Monday, Apr. 25, 1960

Lament for the Century

THE DISINHERITED (274 pp.)--Michel del Castillo--Knopf ($3.95).

This is another lament for the 20th century by the Spaniard who wrote Child of Our Time (TIME, Oct. 20, 1958). In that moving autobiographical novel, Author del Castillo charted a sad trail from the corpse-strewn streets of Madrid to the concentration camps of France and Germany, to something like inner peace at a Jesuit school back in Spain. Still only 26, and now living in Paris, he tries in The Disinherited to revisit the Spanish revolution, which flamed around him when he was a child. At this distance, memory is small help, and the tales of heroes and sufferers take on the shadowy cast of legend. Set against the tough honesty of George Orwell's Homage to Catalonia, or Jose Maria Gironella's The Cypresses Believe in God, this novel has the air of a routine reconstruction. Yet it deserves to be read as a reminder of old passions and issues that are far from dead.

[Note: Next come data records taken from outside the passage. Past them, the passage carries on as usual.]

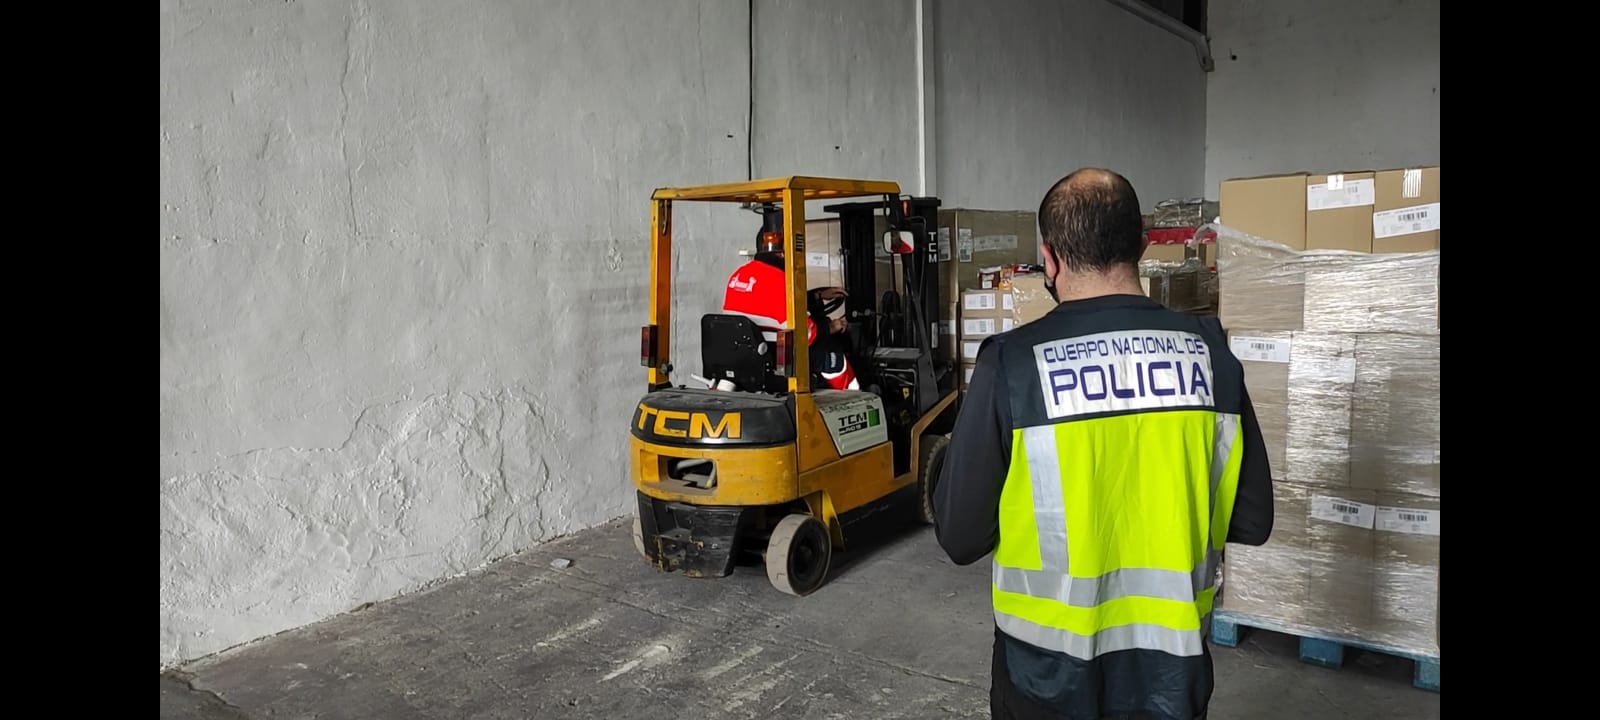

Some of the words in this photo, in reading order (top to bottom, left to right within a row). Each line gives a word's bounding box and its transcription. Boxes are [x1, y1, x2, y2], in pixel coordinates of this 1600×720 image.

[928, 231, 937, 263] TCM
[1043, 339, 1109, 363] CUERPO
[1112, 336, 1185, 356] NACIONAL
[1185, 338, 1206, 355] DE
[1048, 361, 1210, 405] POLICIA
[638, 402, 741, 439] TCM
[838, 411, 867, 427] TCM

Substantially, Del Castillo tells the truth about the desperate Spain of his early childhood. He also makes the necessary point that the bitterness of starving Spaniards--as well as the idealism of their political champions--was brutally exploited by the Communist Party. But for all his abundance of feeling, Del Castillo lacks the equipment of the novelist, and for all his bitter experiences, he still lacks certain political insights. In an agitated foreword Del Castillo writes: "I have never belonged to the Party and am thus not a renegade. But neither am I anti-Communist ... I can easily conceive that a person might, after having read my book, join the Communist Party in all good faith." This possibility is so unlikely that the author seems to have misunderstood his own book.